Pour sa dernière édition à la tête de Montpellier Danse, son directeur emblématique Jean-Paul Montanari avait choisi la voie de la création, avec de nombreuses nouvelles pièces des grands chorégraphes de notre temps. Avant le réussi Take me Home de Dimitri Chamblas, un autre artiste avait illuminé le festival : Saburo Teshigawara. Voice of Desert, sa nouvelle œuvre lumineuse, est une terre de contrastes, semblant s’inspirer du vent et des éléments pour créer un moment de danse magistral. Une pièce d’une grande intensité, se servant pleinement du cadre majestueux de l’Agora.

 

Voice of Desert de Saburo Teshigawara

 

Saburo Teshigawara n’est pas un artiste facile à saisir. Sur scène, il est omniprésent : voilà 40 ans que le chorégraphe japonais sillonne la France, que ce soit pour ses pièces ou d’autres compagnies, comme le Ballet de l’Opéra de Paris qui l’a accueilli plusieurs fois sous la direction de Brigitte Lefèvre. Mais la danse de Saburo Teshigawara, sa philosophie du mouvement, peut paraître mystérieuse. L’artiste en dit peu sur ses pièces, ses notes d’intention sont en soi des poèmes qui ne donnent pas forcément beaucoup de clés. Sur scène, ses mouvements parfois très lents, constamment sur le souffle, semblent venir d’un autre monde dont nous n’avons pas forcément les codes pour nous y glisser.

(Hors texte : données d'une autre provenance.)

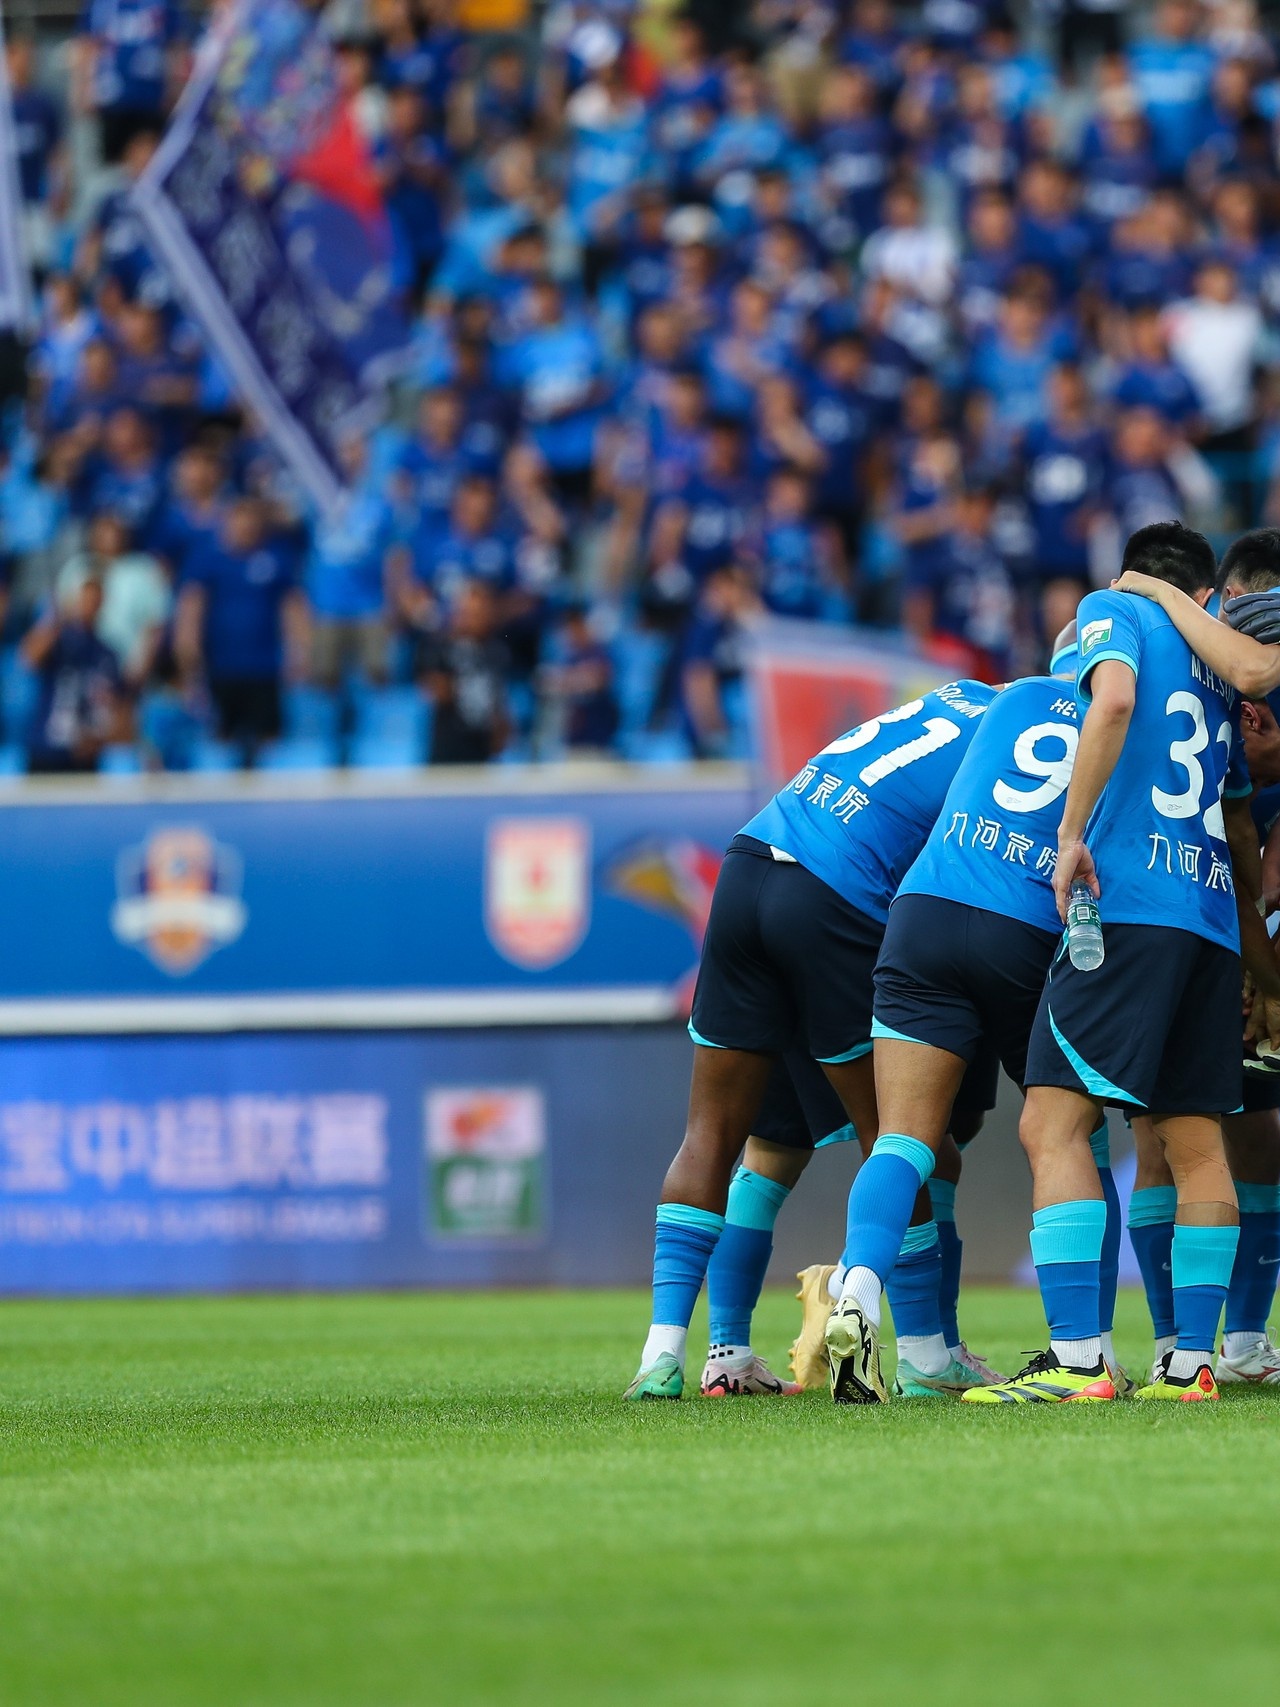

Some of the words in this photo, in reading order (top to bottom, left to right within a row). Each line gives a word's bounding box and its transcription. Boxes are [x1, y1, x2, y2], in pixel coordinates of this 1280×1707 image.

[1049, 698, 1077, 719] HE
[785, 764, 871, 824] 河宸院
[992, 721, 1080, 813] 9

Voice of Desert, sa dernière création montée à Montpellier Danse, résume un peu tout cela. Mais loin de sembler obscure, elle nous emporte au contraire dans un tourbillon de sensations et de matières, comme si chaque geste était décuplé, rempli d’humanité dans ses plus infimes ruptures. 

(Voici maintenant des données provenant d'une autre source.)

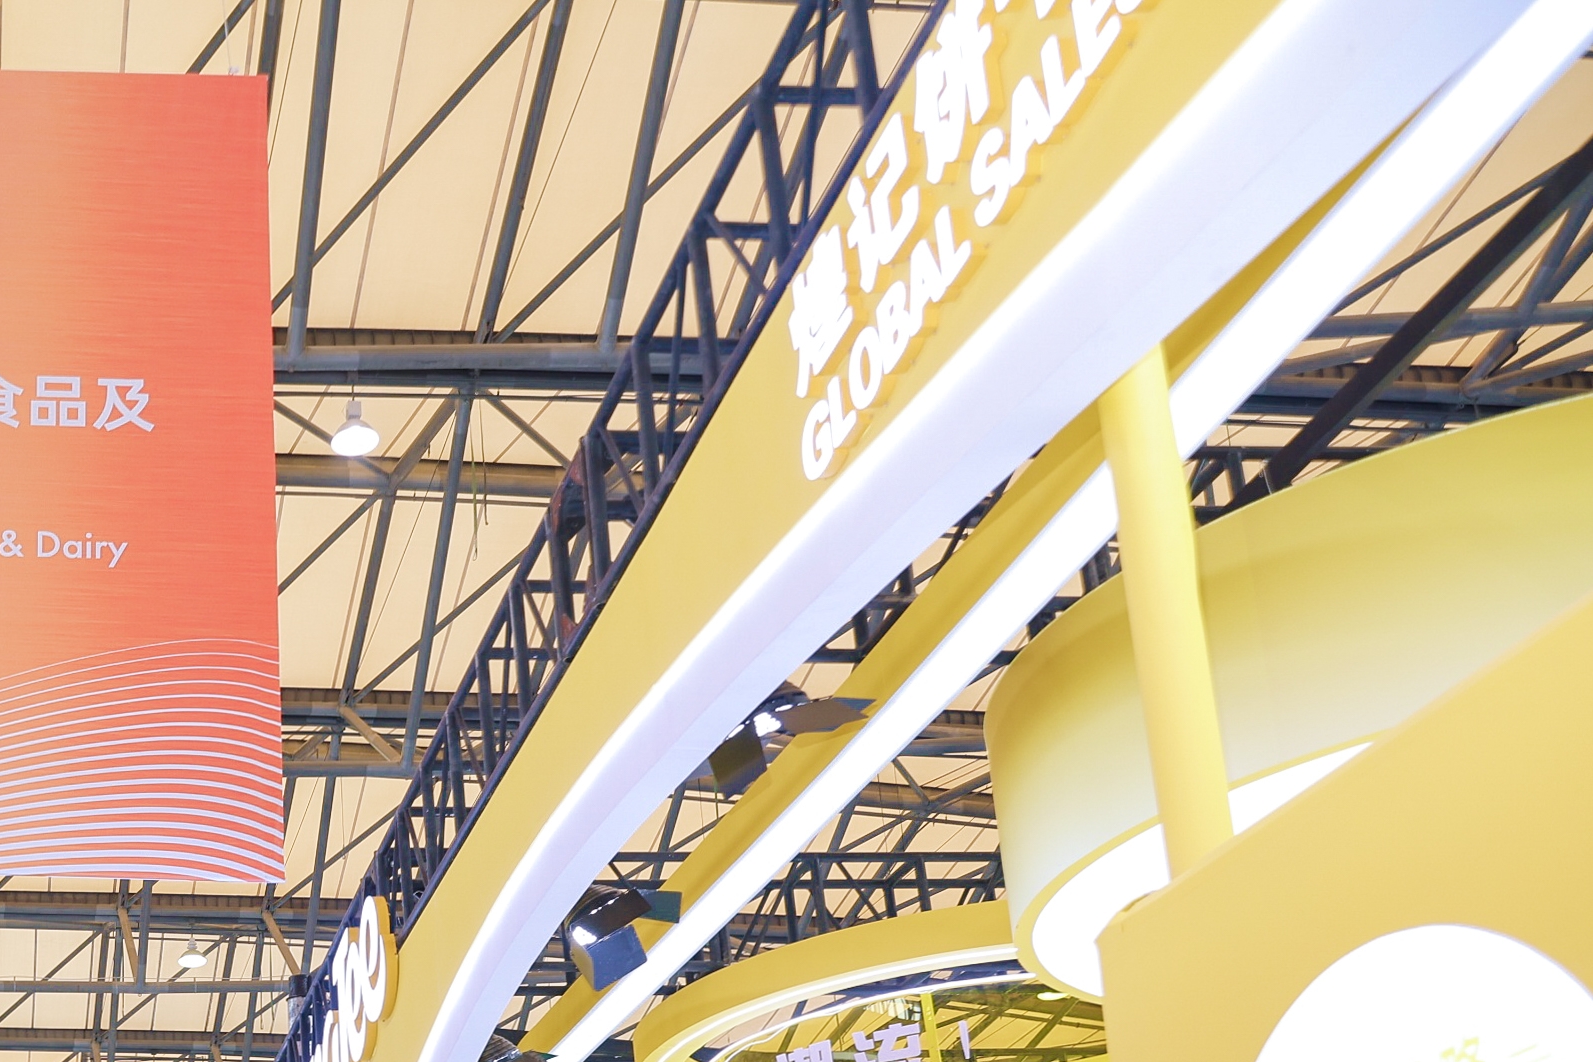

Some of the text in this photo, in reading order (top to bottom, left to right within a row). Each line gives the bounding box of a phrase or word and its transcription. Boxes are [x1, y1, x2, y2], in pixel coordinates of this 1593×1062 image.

[802, 0, 1143, 480] GLOBAL SALE
[36, 531, 128, 568] Dairy

Sur la grande scène de l’Agora, Saburo Teshigawara semble presque perdu. Les gestes sont lents, profondément connectés au souffle, comme cherchant à s’ancrer au maximum dans l’instant présent. La concentration du danseur est en soi hypnotique. Puis la musique jaillit, composée par le chorégraphe et sonnant comme des reprises de Bach ou Schubert. Le mouvement naît instantanément, quittant sa grande lenteur pour fendre l’air. La petite silhouette de 70 ans du chorégraphe paraît fragile et frêle, mais d’elle naît un mouvement d’une puissance occupant tout l’espace, impeccable et percutant. Le paradoxe porte ainsi toute la pièce. L’ambiance du plateau reste sombre mais stimulant une immense luminosité. Sur scène, Saburo Teshigawara et son acolyte de toujours Rihoko Sato restent infiniment connectés sur scène, sans pourtant parfois jamais se regarder. S’agit-il d’un couple perdu dans le quotidien, une métaphore du deuil et de la séparation, l’image d’une vie sur sa fin… En fond de plateau, Kei Miyata semble chercher son chemin. Mais n’est-elle pas la voix qui réunit ces deux êtres, comme un ange menant l’un ou l’autre sur un autre chemin. Rika Kato et Izumi Komoda apparaissent soudain en scène, martelant leur rythmique dans une sorte de transe, tignasse épaisse sur les yeux. Comme une apparition du monde d’aujourd’hui dans celui d’hier, sans que jamais, pourtant, cela sonne comme incongru.

 

Voice of Desert de Saburo Teshigawara

 

Créer un spectacle en plein air n’est jamais anodin. Et Voice of Desert semble naître parfois des éléments. Un souffle de vent, un nuage se détachant dans le ciel montpelliérain paraît comme créateur des mouvements, comme si les artistes en scène puisaient leurs inspirations profondes de la nature qui les entourent, continuellement, La pluie, ainsi, ne perturbe en rien le spectacle. Au contraire, elle semble apporter une nouvelle dimension, une autre façon de créer et d’amener la danse. Saburo Teshigawara a aussi habillé comme jamais l’Agora par la lumière, dessinant les vieilles pierres ou au contraire les masquant, créant de nouveaux espaces comme autant de possibilités pour agrandir le mouvement, le nourrir l’intensifier.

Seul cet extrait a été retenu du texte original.